Phrase grounding data
--*--
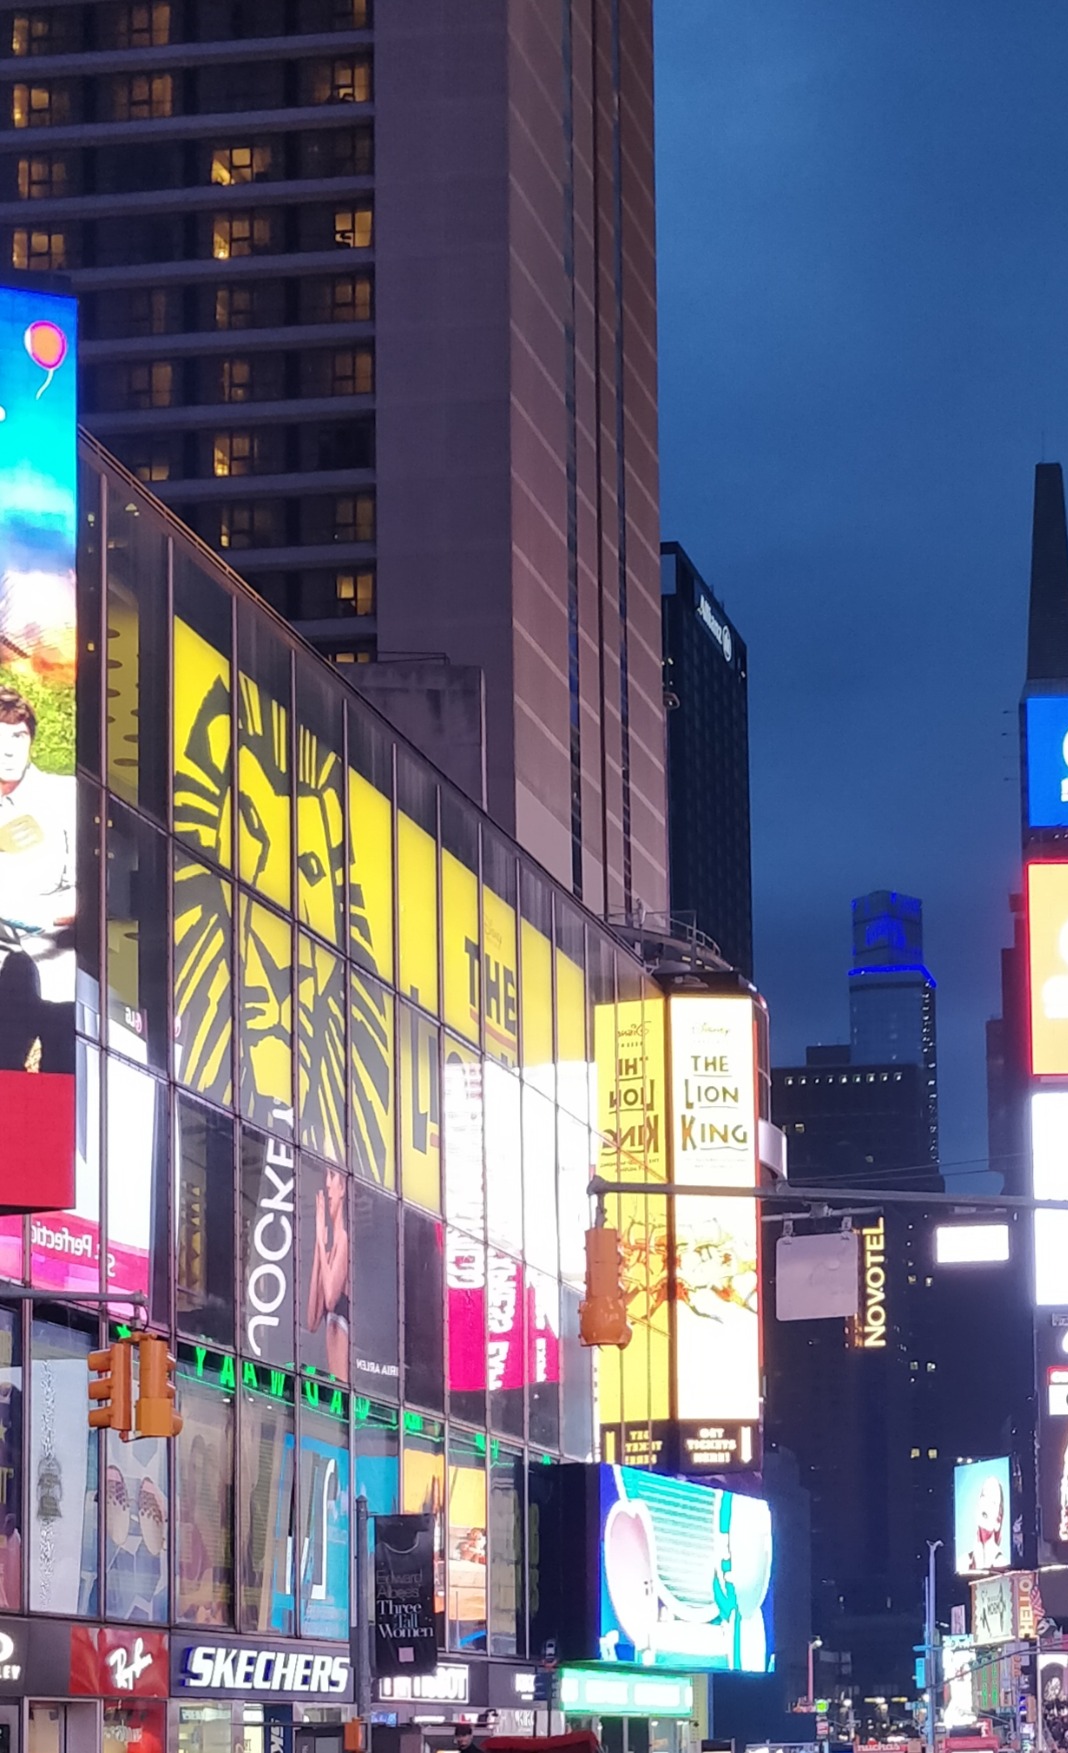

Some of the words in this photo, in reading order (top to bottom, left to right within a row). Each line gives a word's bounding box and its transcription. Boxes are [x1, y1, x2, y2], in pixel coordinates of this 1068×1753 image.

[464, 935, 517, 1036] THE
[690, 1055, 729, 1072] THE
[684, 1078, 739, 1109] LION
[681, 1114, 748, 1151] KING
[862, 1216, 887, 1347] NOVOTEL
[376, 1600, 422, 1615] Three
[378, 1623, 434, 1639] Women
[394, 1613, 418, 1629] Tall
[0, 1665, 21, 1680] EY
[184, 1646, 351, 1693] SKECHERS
--*--
▶ Instructions to follow
Although the records contain pictures, only their text should be repeated, exactly as it appears.

▶ Your solution
Some of the words in this photo, in reading order (top to bottom, left to right within a row). Each line gives a word's bounding box and its transcription. Boxes are [x1, y1, x2, y2], in pixel coordinates of this 1068×1753 image.

[464, 935, 517, 1036] THE
[690, 1055, 729, 1072] THE
[684, 1078, 739, 1109] LION
[681, 1114, 748, 1151] KING
[862, 1216, 887, 1347] NOVOTEL
[376, 1600, 422, 1615] Three
[378, 1623, 434, 1639] Women
[394, 1613, 418, 1629] Tall
[0, 1665, 21, 1680] EY
[184, 1646, 351, 1693] SKECHERS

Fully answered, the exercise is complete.